#### Aim of the task
I'd like the data below restated word for word, with the pictures left out.

#### Input
****************************************

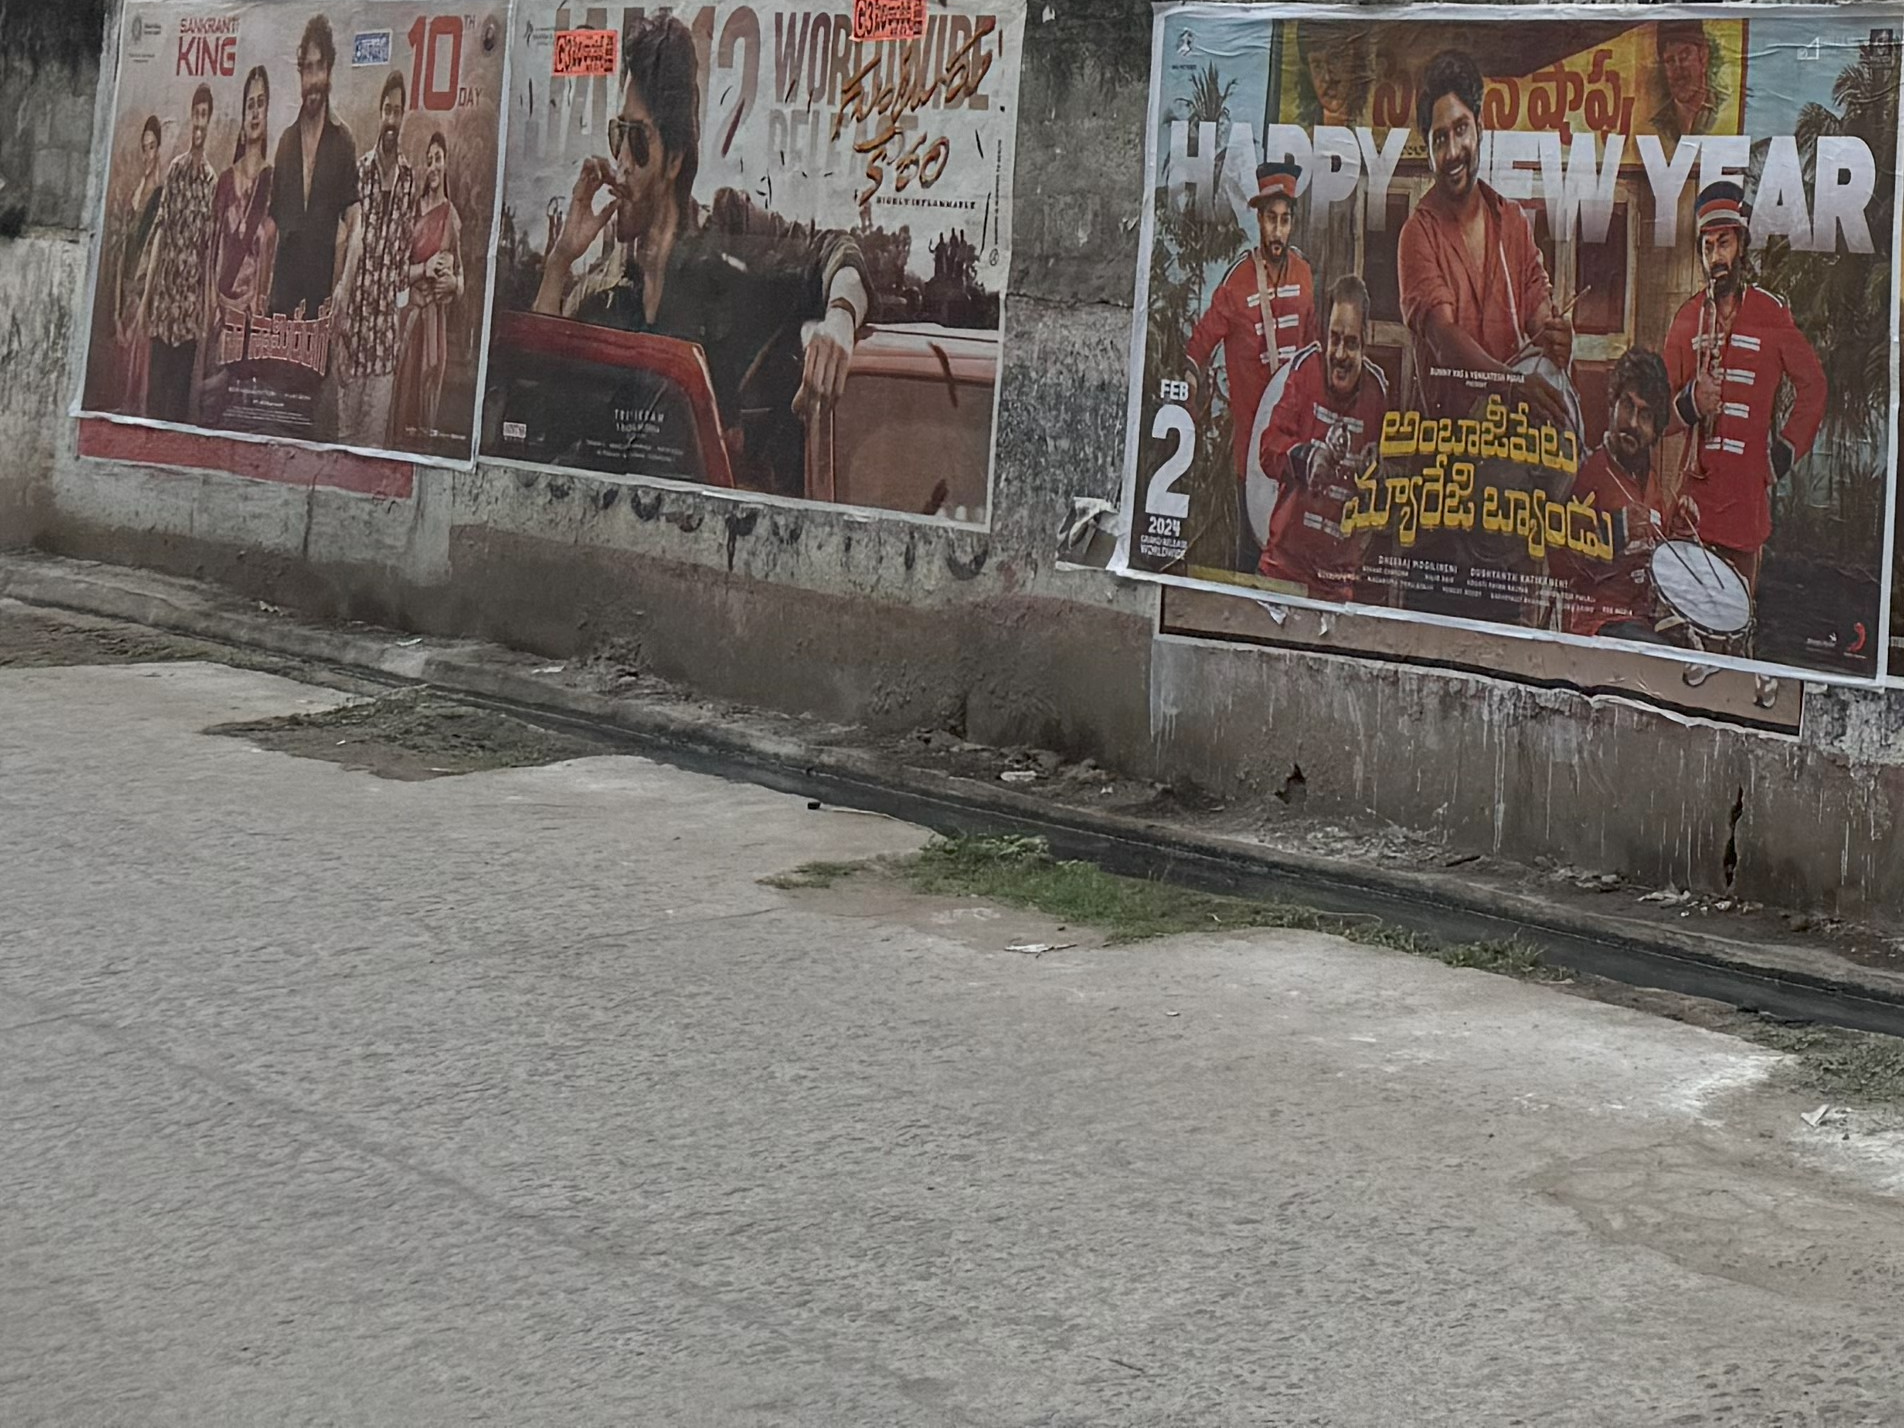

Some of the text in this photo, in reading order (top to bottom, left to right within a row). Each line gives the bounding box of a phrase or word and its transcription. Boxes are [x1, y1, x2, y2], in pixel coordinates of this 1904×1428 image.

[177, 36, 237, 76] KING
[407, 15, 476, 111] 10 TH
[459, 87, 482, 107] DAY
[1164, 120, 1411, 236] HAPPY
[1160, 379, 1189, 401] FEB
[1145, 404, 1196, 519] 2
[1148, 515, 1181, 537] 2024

****************************************

#### Response to the exercise
Some of the text in this photo, in reading order (top to bottom, left to right within a row). Each line gives the bounding box of a phrase or word and its transcription. Boxes are [x1, y1, x2, y2], in pixel coordinates of this 1904×1428 image.

[177, 36, 237, 76] KING
[407, 15, 476, 111] 10 TH
[459, 87, 482, 107] DAY
[1164, 120, 1411, 236] HAPPY
[1160, 379, 1189, 401] FEB
[1145, 404, 1196, 519] 2
[1148, 515, 1181, 537] 2024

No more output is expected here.